WORK REQUIRED >> All pictures are to be dropped, and everything else in the data duplicated exactly.
··········
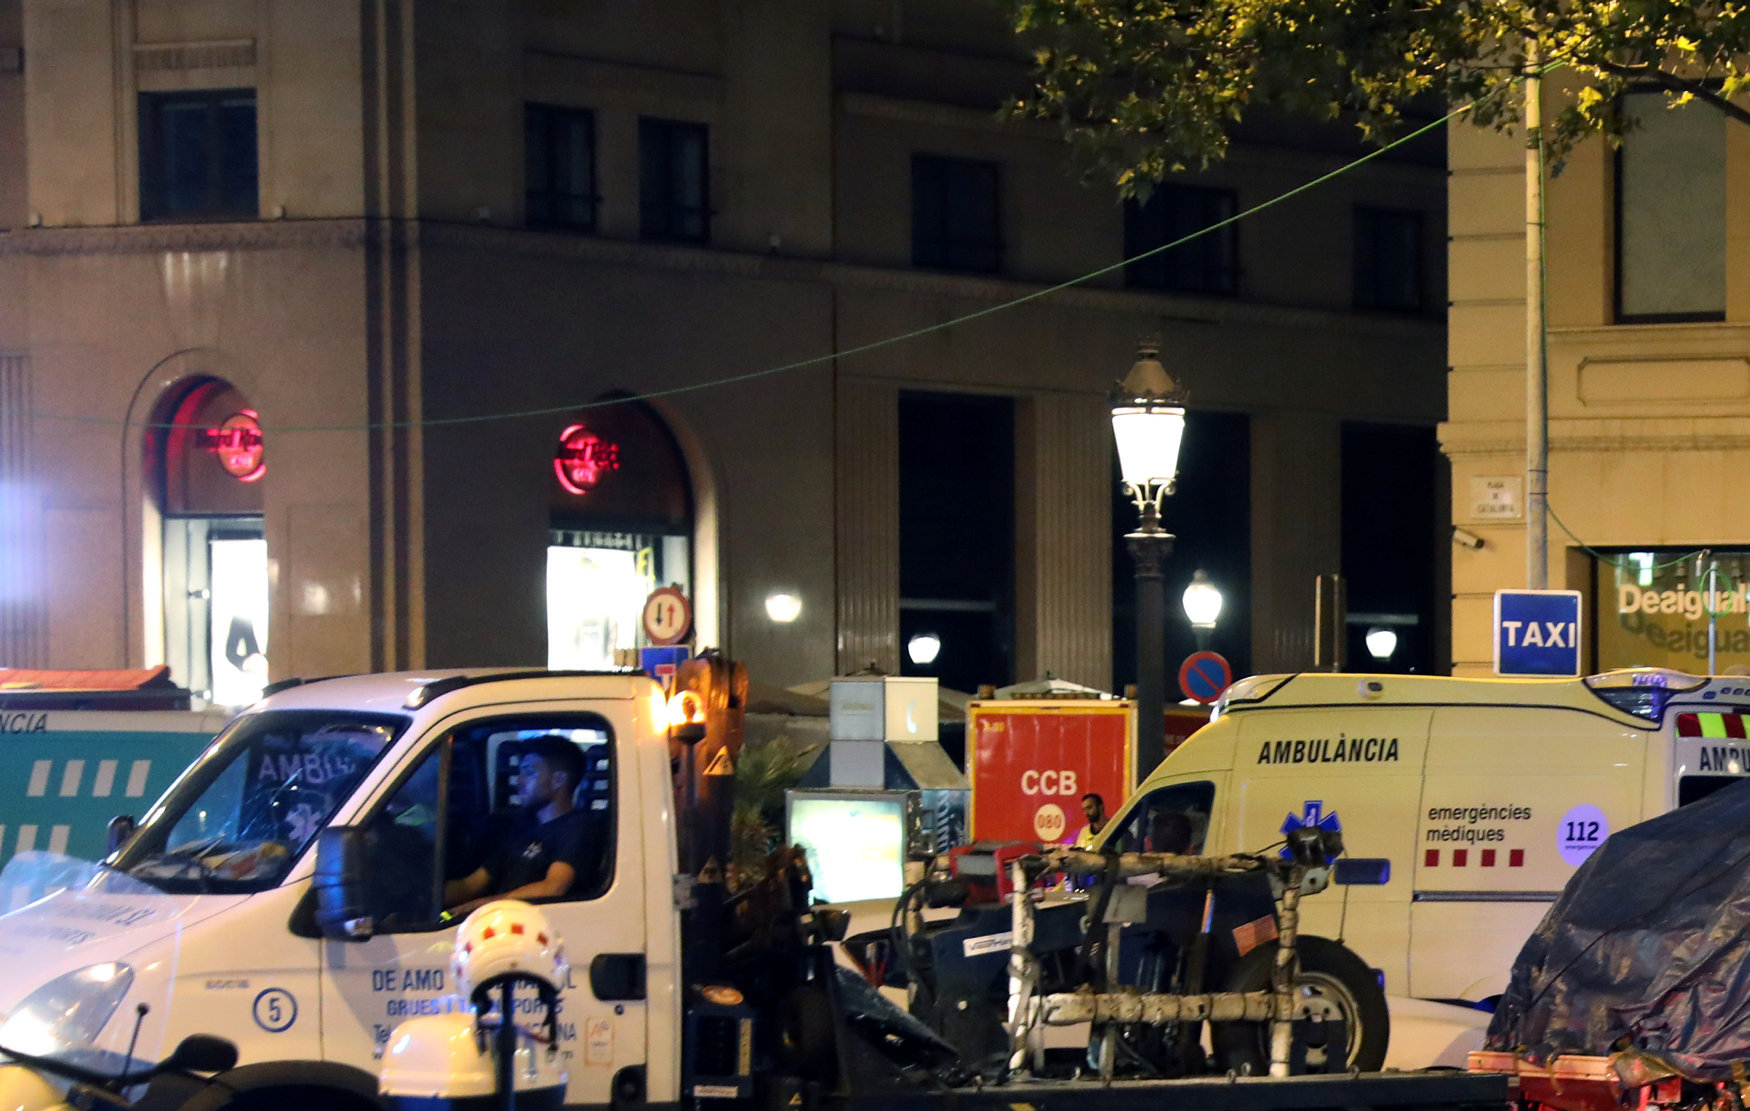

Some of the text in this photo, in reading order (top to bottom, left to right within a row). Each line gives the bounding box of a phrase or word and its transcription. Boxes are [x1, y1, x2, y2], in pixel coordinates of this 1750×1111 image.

[1502, 621, 1576, 648] TAXI
[1257, 733, 1399, 764] AMBULÀNCIA
[1021, 769, 1077, 795] CCB
[1037, 814, 1061, 829] 080
[1428, 804, 1531, 824] emergències
[1426, 825, 1505, 845] mèdiques
[1566, 822, 1599, 842] 112
[373, 969, 396, 990] DE
[403, 969, 444, 990] AMO
[268, 997, 282, 1022] 5
[387, 999, 440, 1016] GRUES
··········
FINISHED TASK >>
Some of the text in this photo, in reading order (top to bottom, left to right within a row). Each line gives the bounding box of a phrase or word and its transcription. Boxes are [x1, y1, x2, y2], in pixel coordinates of this 1750×1111 image.

[1502, 621, 1576, 648] TAXI
[1257, 733, 1399, 764] AMBULÀNCIA
[1021, 769, 1077, 795] CCB
[1037, 814, 1061, 829] 080
[1428, 804, 1531, 824] emergències
[1426, 825, 1505, 845] mèdiques
[1566, 822, 1599, 842] 112
[373, 969, 396, 990] DE
[403, 969, 444, 990] AMO
[268, 997, 282, 1022] 5
[387, 999, 440, 1016] GRUES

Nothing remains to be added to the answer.